Riverhead School District Schedules 9 Reopening Plan Meetings

RIVERHEAD, NY — With schools set to reopen soon, nine parent information sessions have been scheduled to discuss the Riverhead Central School district’s plan.

In preparing for the opening of its seven schools, district officials scheduled the nine school-specific parent information Zoom meetings; the meetings are in addition to the district’s previous public meeting held on August 6.

An opportunity to ask questions will be provided. Links to join the meetings can be found on its parent information webpage.

Meetings will be held on Tuesday, August 18, Wednesday, August 19, and Thursday, August 20.

Gov. Andrew Cuomo announced recently that all school districts in the state must host information sessions for parents and staff. With all New York school districts authorized to open this fall, Cuomo said the question remains “how” they will move forward to do so. “That is up to the local school district,” he said Monday. “People are going to make decisions, not a bunch of bureaucrats.”

School districts, he added, must listen to the concerns of parents and teachers; without them, the schools cannot open, he said.

Cuomo added that other locations around the world, including Israel and Hong Kong, had issues when reopening schools. “Parents and teachers are right to be concerned,” he said. “They’re not being obstructionists. I want school districts to understand that they’re not doing them a favor by talking to them. I teachers and students don’t come back, you don’t have school.”

All students and teachers must wear masks and adhere to social distancing; masks will be provided to those who do not have them, Cuomo said.

The state’s 749 school districts are required to submit a reopening plan to the state Department of Health and the state Education Department. The DOH has the authority to reject plans, Cuomo said. The DOH will notify the districts whose plans are incomplete or deficient. If the DOH does not approve a plan, a district will not be able to open, Cuomo said.

How each district decides to reopen is up to its own discretion, whether it’s in-person or a hybrid plan that includes remote learning, he said.

Each school district must post three plans on its website: plans for remote learning, procedures for coronavirus testing and contact tracing — those plans must be posted online, he said.

Parents need an opportunity to be heard, he said. “The more dialogue the better.”

Also, Cuomo said each school district must host three online discussion session opportunities for parents with questions by Friday, with five such sessions planned for the “Big 5” districts.

Finally, he said, a separate session must be offered for teachers to air their questions and concerns in each district.

There is “no one-size-fits-all” plan for school districts, Cuomo said.

Looking forward, Cuomo said the state will continue to watch the infection rate between now and the first day of school. If there is a spike in the infection rate, the decision to reopen can be revisited but “for planning purposes,” they can reopen, he said.

New York State United Teachers President Andy Pallotta released a statement regarding Cuomo’s decision on reopening schools.

“We have been clear all along: Health and safety is the most important consideration in reopening school buildings,” he said. “Viral infection rates tell only one part of the story.”

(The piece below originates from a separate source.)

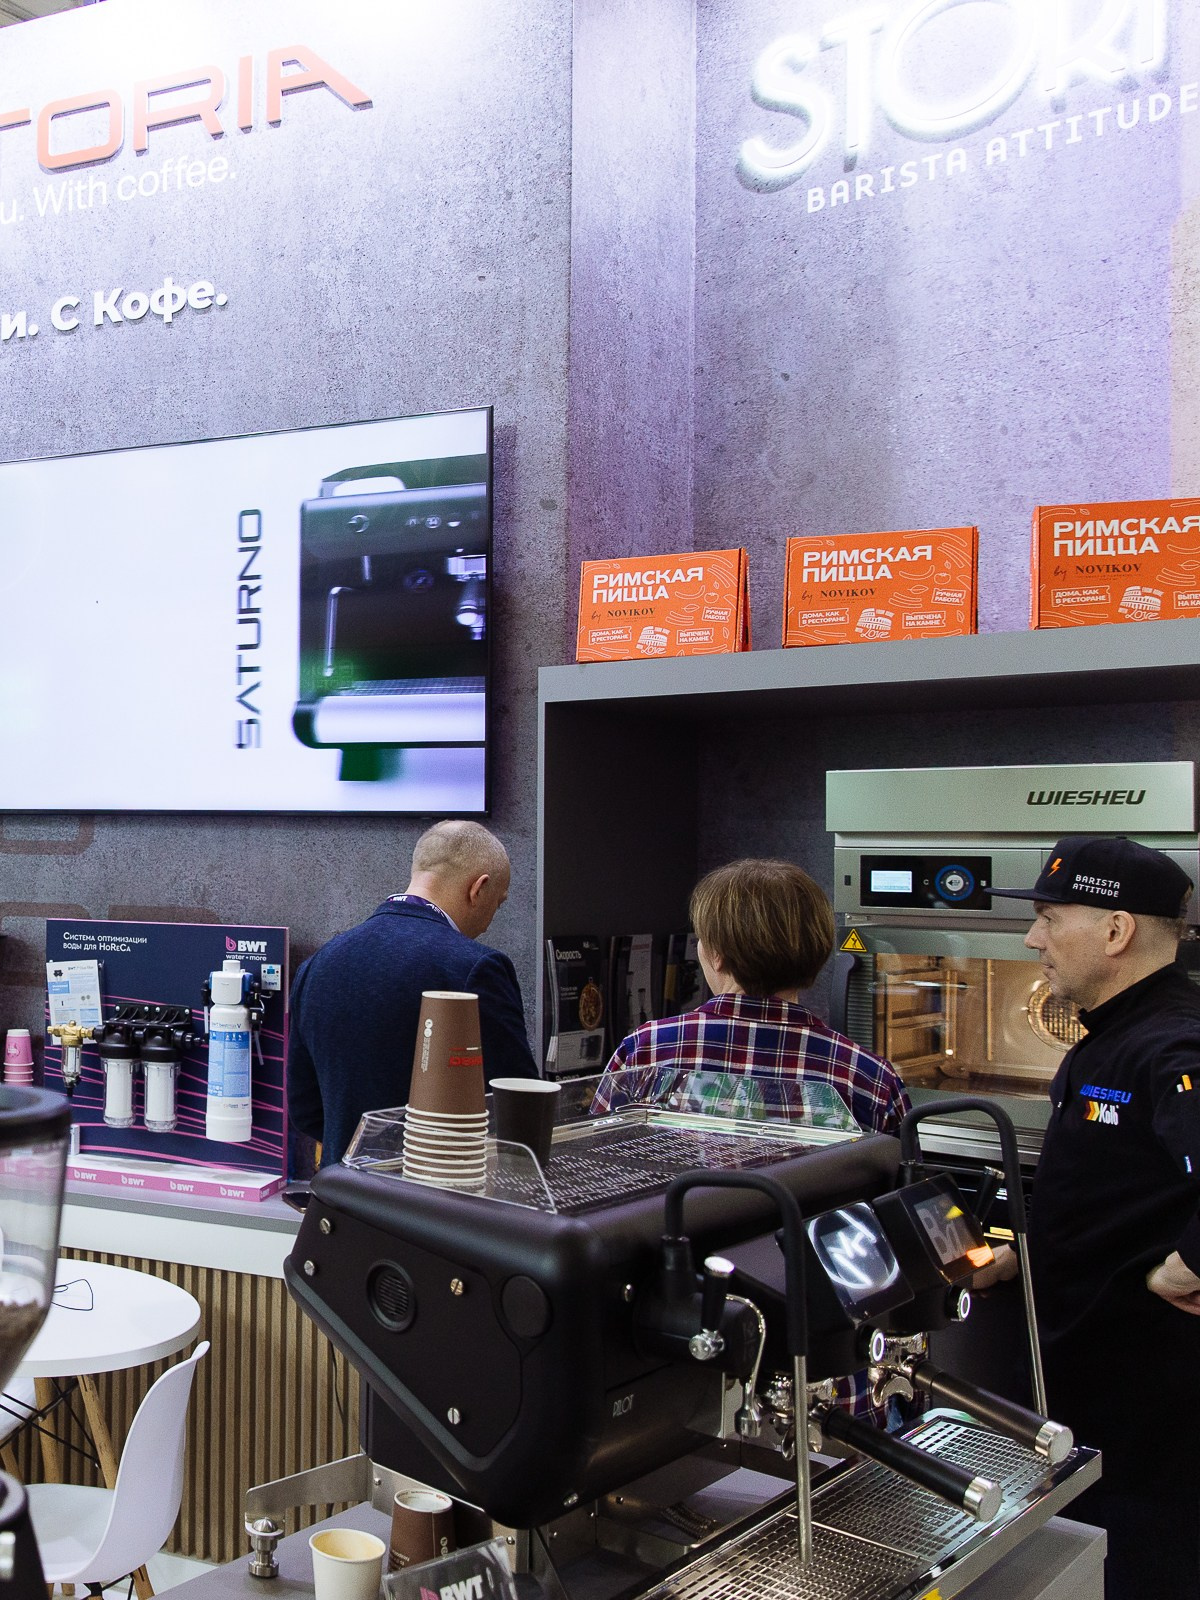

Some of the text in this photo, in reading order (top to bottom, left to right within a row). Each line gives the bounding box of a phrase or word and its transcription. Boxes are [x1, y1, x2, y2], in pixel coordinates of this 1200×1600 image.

Many educators and parents have anxiety about local school district reopening plans that have been submitted to the state, Pallotta said.

Concerns, he said, include “the lack of guidance on specific procedures for closure, testing and contact tracing in the event of a COVID-19 case in a school. Right now, there may be some areas where parents and educators are confident in their district’s plan, but in many others, we know they aren’t.”

No district should consider themselves ready to reopen buildings until their plans are safe and everything in that plan meant to keep the school community safe is implemented, Pallotta added.

“Being safe means parents and teachers must be confident in the reopening plan, and it is welcome news that districts must meet with parents and teachers this month. We’re thankful the governor agrees that forcing people back into the classroom when they feel their health is threatened is not what should happen. So if districts need to phase in the reopening of buildings, so be it,” Pallotta said. “We must err on the side of caution. Period.”

Communication is key, Cuomo said: “I have been deluged with calls from parents and teachers and there is a significant level of anxiety and concern.”

New York’s school guidance “has been touted as the best in the country,” as has the state’s reopening for the economy, Cuomo said. “If anyone can do it, we can do it — but we have to continue to be smart.”

No school sports have been approved, state officials said.Cuomo announced in July that New York schools can reopen only if coronavirus infection rates fell below strict benchmarks that were set in early August.

The formula that Cuomo spelled out allows school openings in regions that are in phase four and have an infection rate under 5 percent. An “emergency” stop to openings will take place if infections rise above 9 percent, he said.

In May, federal health officials released recommendations for reopening schools amid the coronavirus outbreak, including keeping desks 6 feet apart, canceling field trips, shuttering cafeterias and intensifying disinfection of everything from door handles to drinking fountains.
The federal Centers for Disease Control and Prevention unveiled a gradual three-step system and numerous tips and tricks for schools that are preparing to reopen. The suggestions were included as part of a broader reopening roadmap, a 60-page document titled,”CDC Activities and Initiatives Supporting the COVID-19 Response and the President’s Plan for Opening America Up Again.”